Dr. Michaud found that brain cells depended on the local synthesis of asparagine to function properly.

Three years ago a Quebec family experienced one of the worst tragedies that parents could experience: before the age of one, one of their sons died of a rare genetic disease causing congenital microcephaly, intellectual disability, cerebral atrophy, and refractory seizures. It was the third death of a child in the family with same disease.

After this tragic incident Dr. Michaud started researching the genetic abnormality responsible for this developmental disorder.

“We are not at the verge of a miracle drug,” Michaud said. “But we at least know where to look.”

By far, the team was able to identify the gene affected by the mutation code for asparagine synthetase.
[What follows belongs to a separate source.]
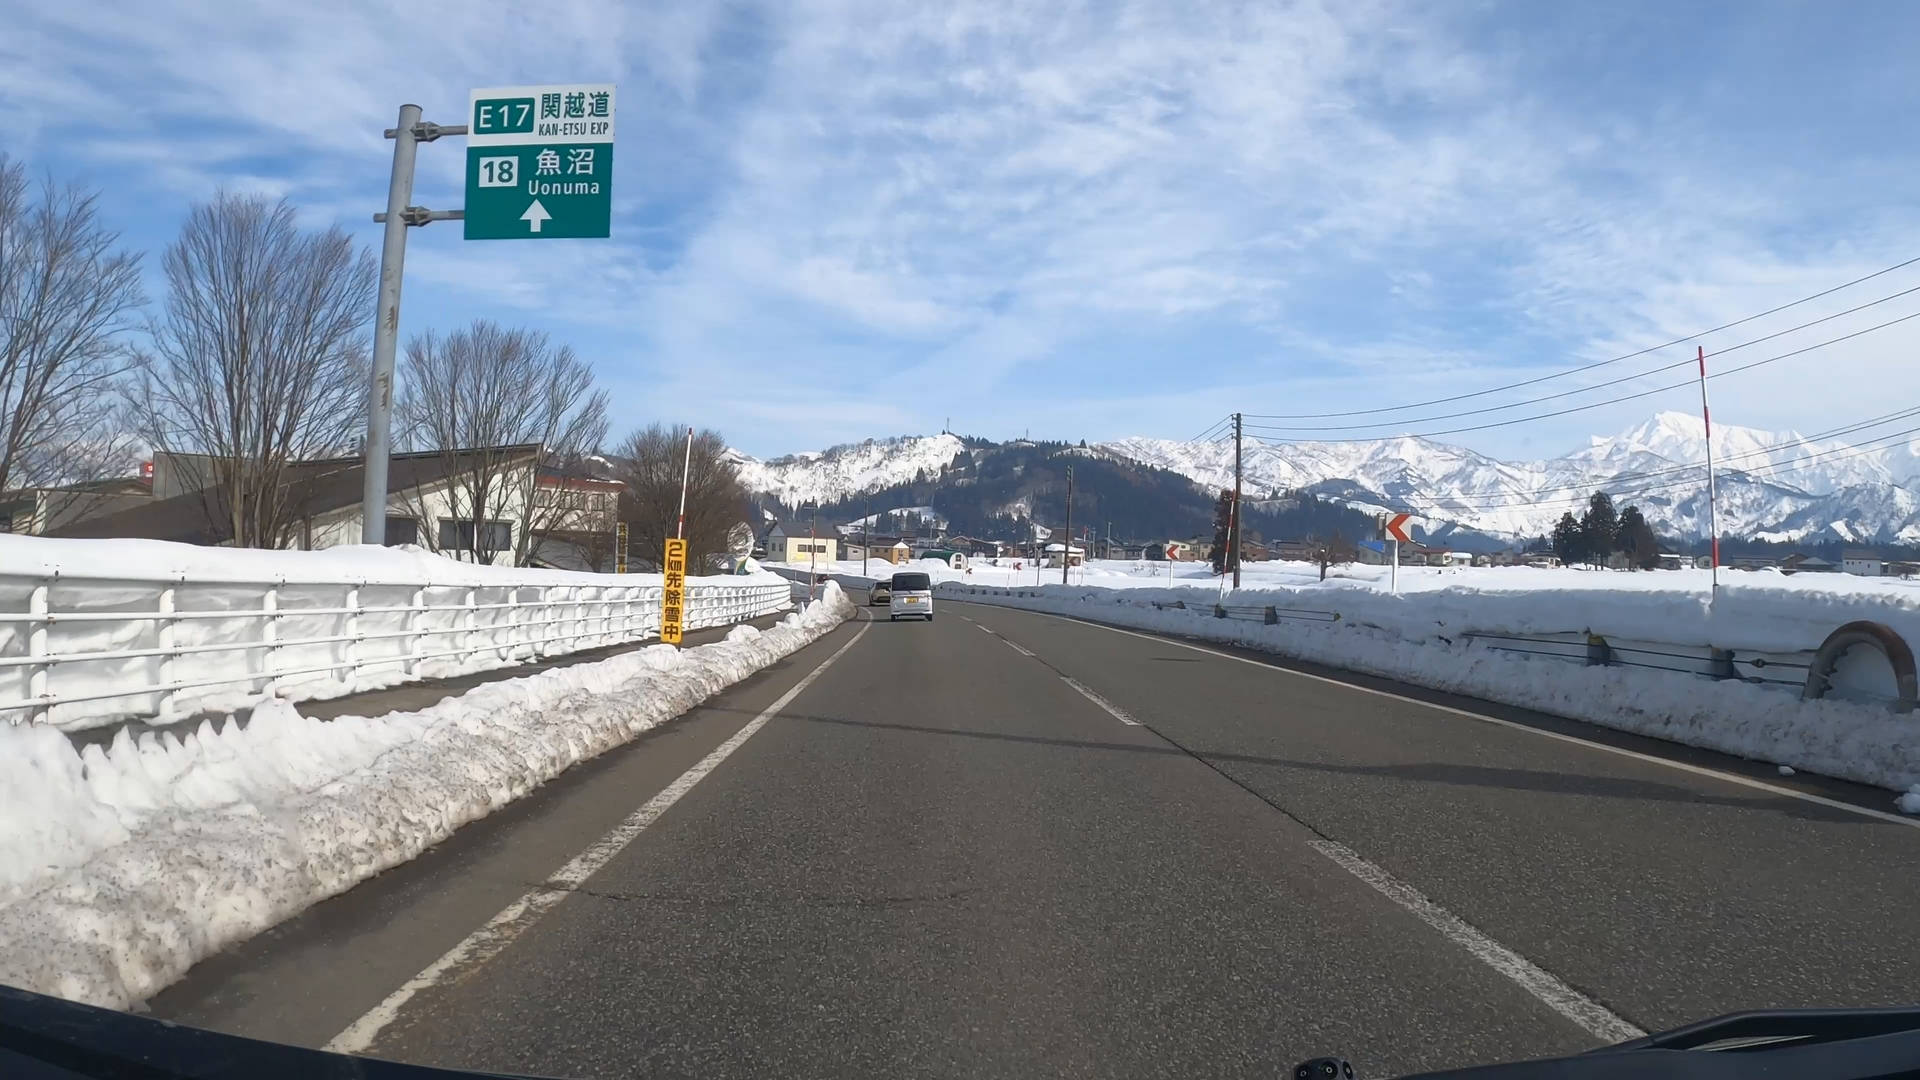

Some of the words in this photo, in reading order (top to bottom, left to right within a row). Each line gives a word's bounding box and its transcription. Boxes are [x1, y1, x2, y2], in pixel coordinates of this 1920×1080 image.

Also, they identified the enzyme that is responsible for synthesizing the amino acid asparagine.

“In healthy subjects, it seems that the level of asparagine synthetase in the brain is sufficient to supply neurons,” Michaud added in the press release. “In individuals with the disability, the enzyme is not produced in sufficient quantity, and the resulting asparagine depletion affects the proliferation and survival of cells during brain development.”

The research has been carried out by researchers at the University of Montreal.